Learn · Intermediate
What Are Vision-Language-Action Models?
A vision-language-action (VLA) model is a single neural network that takes in camera images and a plain-language instruction and outputs the actual motor commands to carry it out. Instead of chaining together a separate vision system, a planner, and a controller, one model looks at the scene, understands "put the banana in the bowl," and emits the sequence of movements a robot arm executes. It is the same idea that made chatbots general, one big pretrained model, pointed at the problem of physical action.
Key facts
- A VLA maps images + text instruction directly to robot actions, unifying perception, language, and control in one network.
- The approach was crystallized by Google DeepMind's RT-2, described in Brohan et al. (2023), which built a robot policy on top of a large vision-language model.
- OpenVLA, an open 7-billion-parameter model from Stanford and collaborators (Kim et al., 2024), made the recipe widely reproducible.
- VLAs inherit common-sense knowledge from internet-scale pretraining, which is what lets them handle objects and phrasings they were never explicitly trained on.
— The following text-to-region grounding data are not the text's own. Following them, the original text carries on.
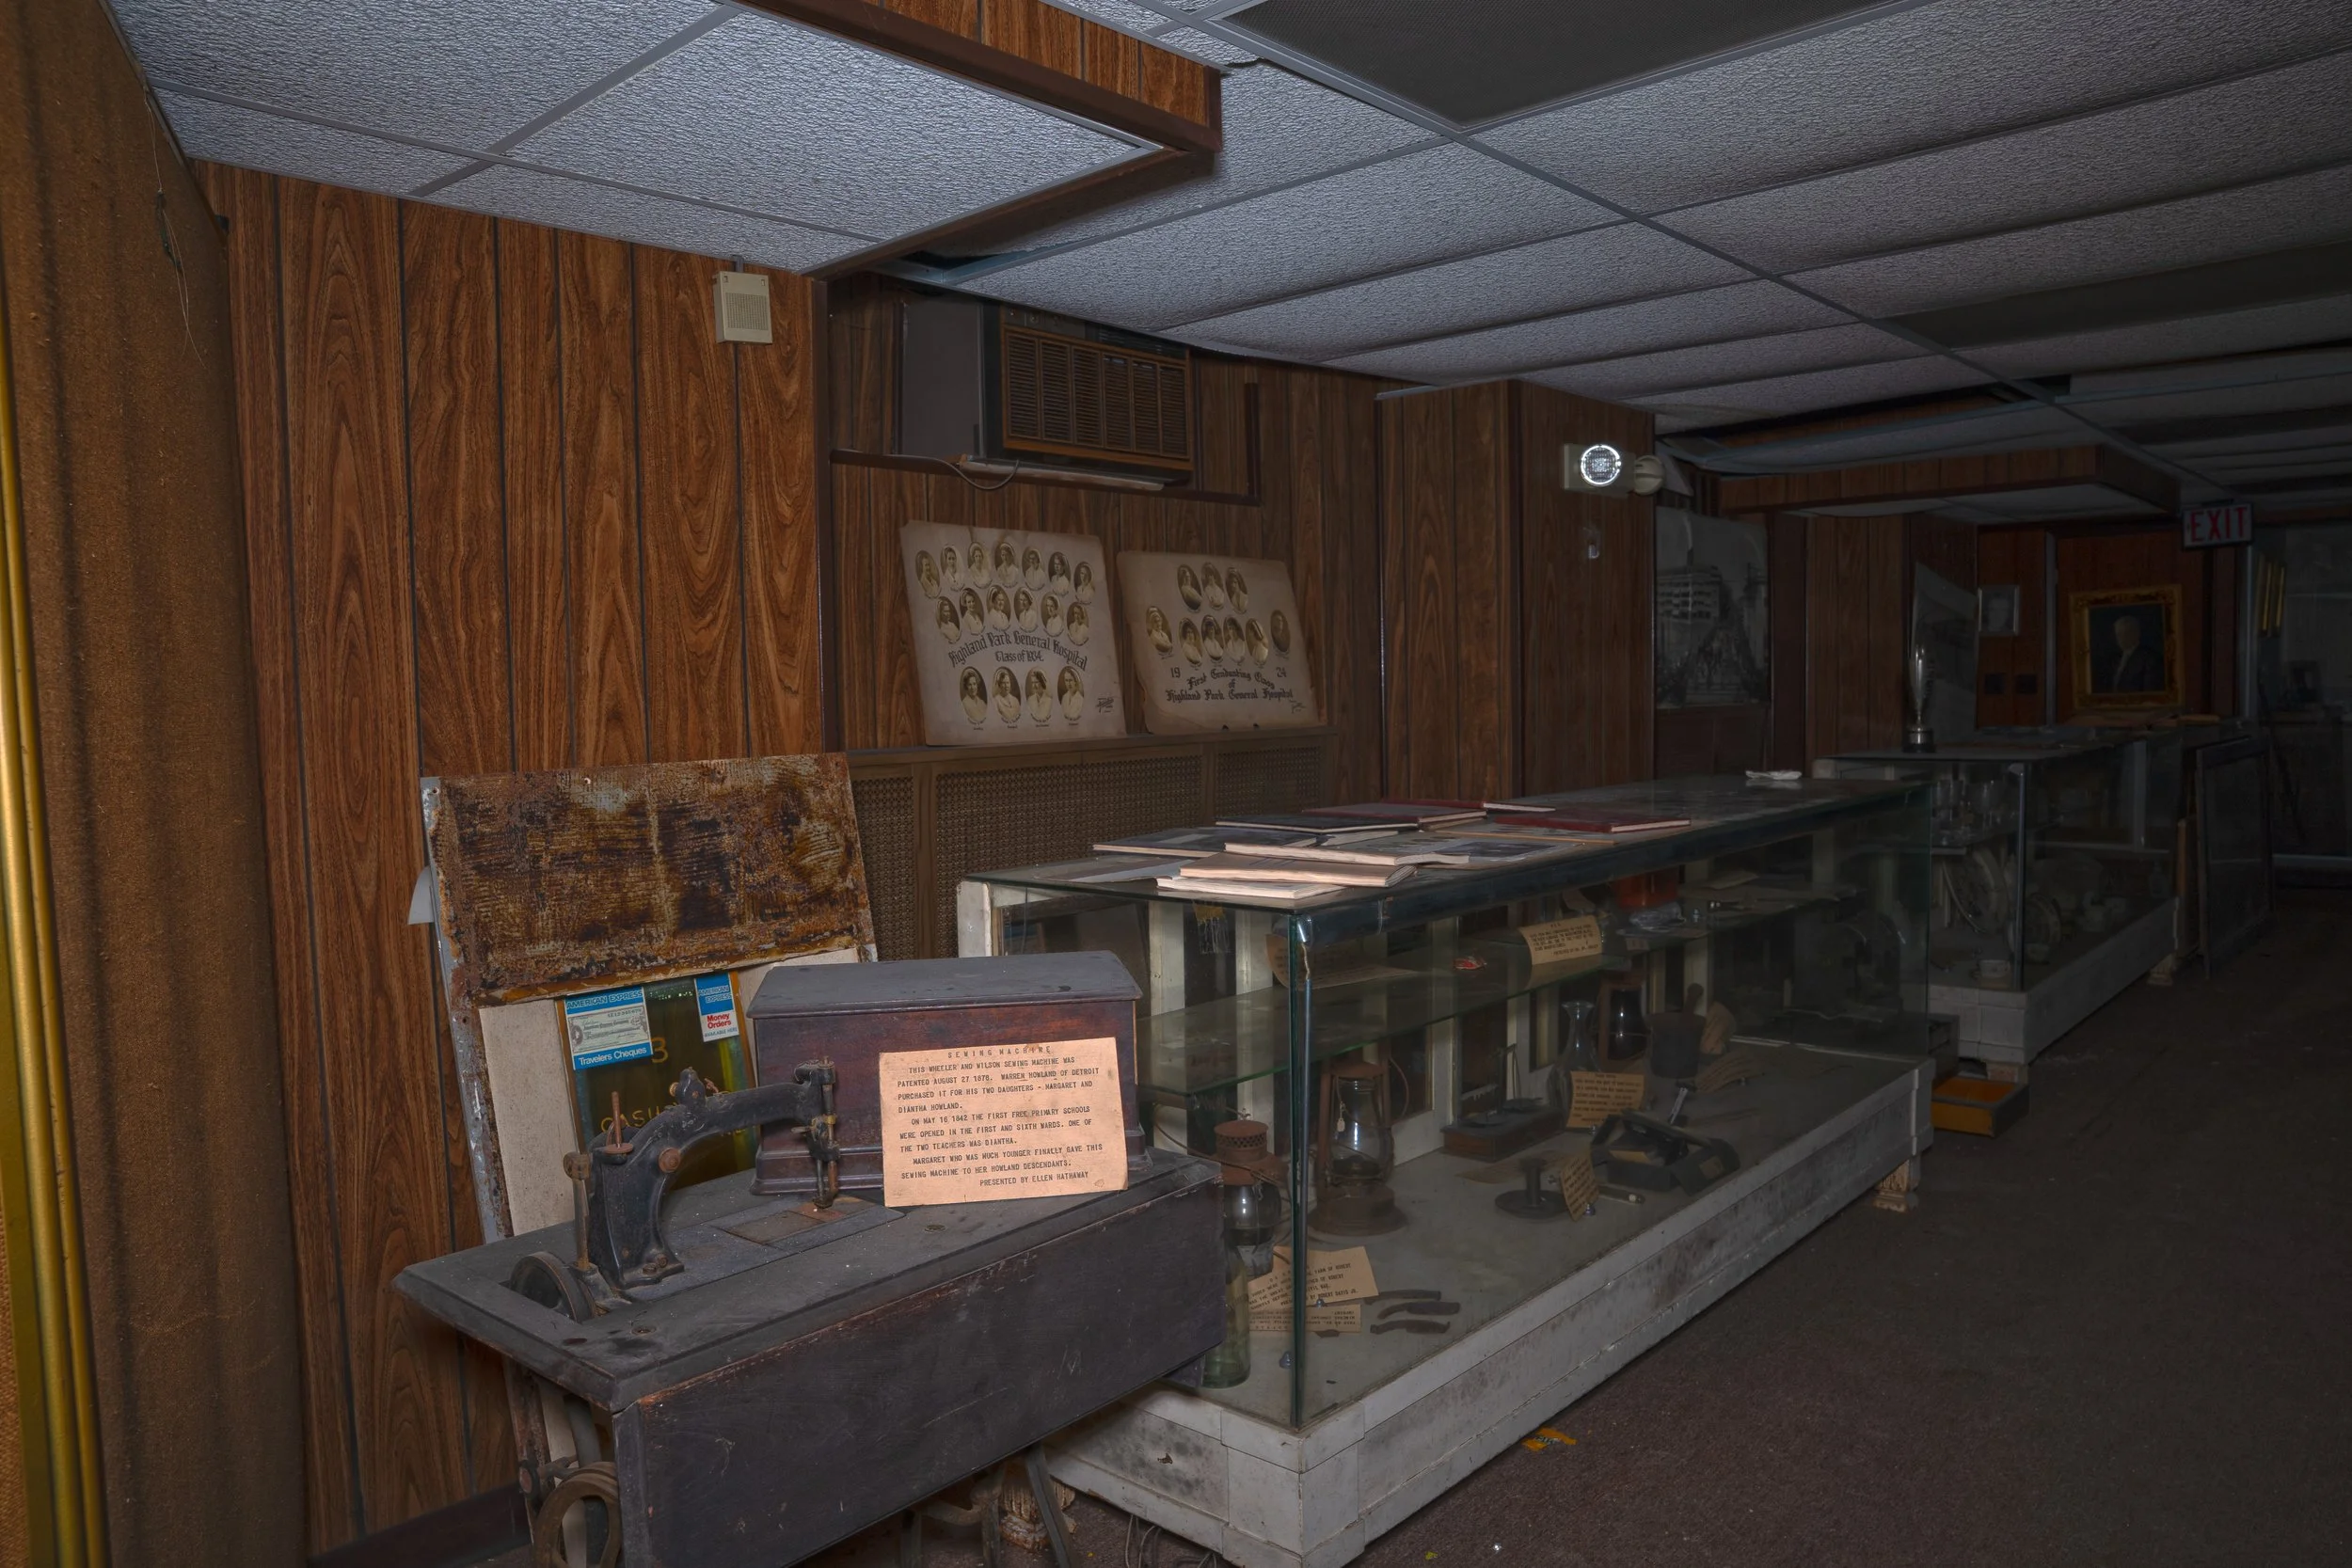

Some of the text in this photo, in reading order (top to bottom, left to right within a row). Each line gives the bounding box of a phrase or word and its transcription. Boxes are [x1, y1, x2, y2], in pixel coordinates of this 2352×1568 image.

[2190, 506, 2248, 543] EXIT
[947, 631, 1088, 671] Highland Park General Hospital
[994, 650, 1016, 662] Class
[1017, 650, 1027, 662] of
[1170, 667, 1181, 678] 19
[1186, 673, 1207, 690] First
[1166, 689, 1201, 704] Highland
[566, 990, 643, 1009] AMERICAN EXPRESS
[707, 1013, 730, 1022] Money
[707, 1021, 732, 1029] Orders
[579, 1047, 647, 1066] Travelers Cheques
[651, 1037, 669, 1064] 3
[929, 1064, 958, 1072] WHEELER
[1004, 1059, 1028, 1068] SEWING
[1032, 1057, 1059, 1066] MACHINE
[898, 1079, 930, 1087] PATENTED
[933, 1076, 958, 1085] AUGUST
[1001, 1072, 1025, 1081] WARREN
[1028, 1070, 1057, 1079] HOWLAND
[1072, 1068, 1100, 1076] DETROIT
[898, 1091, 935, 1101] PURCHASED
[997, 1085, 1034, 1093] DAUGHTERS
[1045, 1081, 1077, 1090] MARGARET
[898, 1101, 962, 1114] DIANTHA HOWLAND.
[923, 1117, 935, 1125] MAY
[1011, 1110, 1028, 1118] FREE
[1031, 1108, 1059, 1117] PRIMARY
[1063, 1105, 1090, 1115] SCHOOLS
[899, 1132, 916, 1140] WERE
[920, 1130, 945, 1138] OPENED
[977, 1125, 996, 1133] FIRST
[1041, 1120, 1064, 1129] WARDS.
[900, 1145, 913, 1153] THE
[932, 1140, 965, 1149] TEACHERS
[985, 1137, 1017, 1146] DIANTHA.
[913, 1155, 946, 1164] MARGARET
[982, 1151, 999, 1160] MUCH
[1002, 1149, 1031, 1158] YOUNGER
[1034, 1148, 1062, 1156] FINALLY
[1066, 1145, 1083, 1153] GAVE
[1087, 1143, 1103, 1151] THIS
[901, 1160, 1072, 1180] SEWING MACHINE TO HER HOWLAND DESCENDANTS.
[979, 1177, 1017, 1186] PRESENTED
[1032, 1174, 1054, 1182] ELLEN
[1057, 1171, 1089, 1180] HATHAWAY
To see why this is a big deal, consider how robots were programmed before. Traditionally, getting an arm to pick up a cup meant a brittle pipeline: one module to detect the cup, another to estimate its pose, a motion planner to compute a trajectory, and a controller to execute it, each hand-engineered, each a place for the whole thing to break when the lighting changed or someone moved the cup. Every new object or task meant more engineering. It did not generalize.
VLAs take the transformer recipe that powers language models and repurpose it. You start with a vision-language model, a network already trained on a huge slice of the internet's images and text, so it knows what a banana is, that bowls hold things, and that "the one on the left" refers to spatial position. Then you fine-tune it on robot data: recordings of a robot performing tasks, where the "answer" is not a sentence but the next action. Crucially, actions are encoded as tokens, the same kind of discrete units a language model predicts for words, so the model "speaks" motor commands in the exact same way it speaks text. Google DeepMind's RT-2 showed this transfer works: a robot could act on concepts it had only ever seen in web data, not in its robot training, because that knowledge was already baked into the vision-language backbone.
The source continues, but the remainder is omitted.